E qui parlo del nobile mondo dell’editoria ma credo che negli altri ambienti forse sia anche peggio.

Non capiamo più che siamo qui di passaggio, che la transitorietà tanto nostra che della materia che possediamo deve essere l’unica bussola per vivere in maniera più consapevole, distaccata e fiera, con il traguardo ultimo di lasciare questo mondo che ci ha accolto un po’ meglio di come lo abbiamo trovato. ‘Fasti non foste a viver come bruti‘ scriveva Dante, e nemmeno per consumare a bocca aperta come maiali in un porcile aggiungerei. La natura non è lì perché l’uomo ne faccia quello che vuole. La vita è una danza di tutte le componenti dell’universo che funziona al meglio quando è armonica.
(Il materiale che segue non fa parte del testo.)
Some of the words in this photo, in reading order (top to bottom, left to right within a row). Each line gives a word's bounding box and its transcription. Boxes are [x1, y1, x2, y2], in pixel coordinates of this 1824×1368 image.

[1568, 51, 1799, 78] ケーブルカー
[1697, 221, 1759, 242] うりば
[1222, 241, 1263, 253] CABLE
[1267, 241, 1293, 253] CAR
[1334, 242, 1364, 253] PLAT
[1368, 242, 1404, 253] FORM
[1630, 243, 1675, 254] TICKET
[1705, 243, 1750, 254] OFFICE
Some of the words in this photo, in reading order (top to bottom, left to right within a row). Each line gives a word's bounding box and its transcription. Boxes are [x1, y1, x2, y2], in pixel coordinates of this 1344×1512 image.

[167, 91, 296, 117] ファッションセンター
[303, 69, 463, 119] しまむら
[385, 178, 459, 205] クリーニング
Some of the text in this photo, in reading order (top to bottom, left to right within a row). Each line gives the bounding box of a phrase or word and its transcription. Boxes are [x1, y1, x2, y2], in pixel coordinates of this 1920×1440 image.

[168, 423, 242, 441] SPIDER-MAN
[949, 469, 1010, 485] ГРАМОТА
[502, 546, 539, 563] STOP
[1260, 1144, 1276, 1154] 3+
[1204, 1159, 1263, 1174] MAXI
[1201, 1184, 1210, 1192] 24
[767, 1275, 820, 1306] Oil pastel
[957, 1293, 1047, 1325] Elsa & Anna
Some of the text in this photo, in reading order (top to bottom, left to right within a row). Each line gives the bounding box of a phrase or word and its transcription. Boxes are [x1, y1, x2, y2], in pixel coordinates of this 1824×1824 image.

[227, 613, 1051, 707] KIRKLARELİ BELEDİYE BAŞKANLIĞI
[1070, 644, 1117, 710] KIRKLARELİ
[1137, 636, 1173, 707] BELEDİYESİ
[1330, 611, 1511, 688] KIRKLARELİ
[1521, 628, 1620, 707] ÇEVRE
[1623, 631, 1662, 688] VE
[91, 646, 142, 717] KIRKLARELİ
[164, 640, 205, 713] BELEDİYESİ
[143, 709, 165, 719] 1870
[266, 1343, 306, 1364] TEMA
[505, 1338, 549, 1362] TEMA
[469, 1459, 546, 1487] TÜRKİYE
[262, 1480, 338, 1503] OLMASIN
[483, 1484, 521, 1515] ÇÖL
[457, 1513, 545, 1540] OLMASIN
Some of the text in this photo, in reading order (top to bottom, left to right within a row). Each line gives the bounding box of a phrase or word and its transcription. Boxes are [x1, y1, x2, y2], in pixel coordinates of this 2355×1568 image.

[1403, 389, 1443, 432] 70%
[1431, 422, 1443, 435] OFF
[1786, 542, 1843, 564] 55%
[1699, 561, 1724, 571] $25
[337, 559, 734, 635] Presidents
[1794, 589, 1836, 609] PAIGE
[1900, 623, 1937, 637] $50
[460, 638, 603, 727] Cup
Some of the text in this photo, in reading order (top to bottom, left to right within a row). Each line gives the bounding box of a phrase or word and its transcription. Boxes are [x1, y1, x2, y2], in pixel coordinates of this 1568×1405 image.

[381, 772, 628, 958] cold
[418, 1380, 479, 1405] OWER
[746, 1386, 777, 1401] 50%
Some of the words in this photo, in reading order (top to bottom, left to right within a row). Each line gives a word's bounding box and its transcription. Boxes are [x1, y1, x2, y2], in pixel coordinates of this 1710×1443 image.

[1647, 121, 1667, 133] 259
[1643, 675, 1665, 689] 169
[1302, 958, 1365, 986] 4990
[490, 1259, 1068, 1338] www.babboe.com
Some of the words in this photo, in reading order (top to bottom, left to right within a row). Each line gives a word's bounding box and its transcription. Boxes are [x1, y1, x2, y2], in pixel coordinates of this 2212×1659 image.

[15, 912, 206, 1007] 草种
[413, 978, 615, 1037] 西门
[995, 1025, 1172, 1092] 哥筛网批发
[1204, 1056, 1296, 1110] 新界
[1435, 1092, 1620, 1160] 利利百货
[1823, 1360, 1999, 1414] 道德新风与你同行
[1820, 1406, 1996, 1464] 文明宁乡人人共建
È un oceano pieno di plastica non è armonico, così come non lo sono una foresta che brucia, file chilometriche di auto incolonnate per chissà dove, le zucchine e i pomodori tutto l’anno o il mangiare frutta e carne che vengono da paesi che non hai mai sentito nominare, distanti anni luce esattamente come lo siamo noi da quella magnifica armonia che sta alla base della vita.

Occhio perché se questa è stata una tranquilla estate di paura, le prossime potrebbero essere “The Day After”, parafrasando un altro vecchio film che mostrava il mondo il giorno successivo a un conflitto nucleare. Ma se allora la fine era segnata dalla bomba atomica oggi è tutto, se possibile, ancora più stupido eppure sottile.

Ci estingueremo per comodità: un peccato mortale.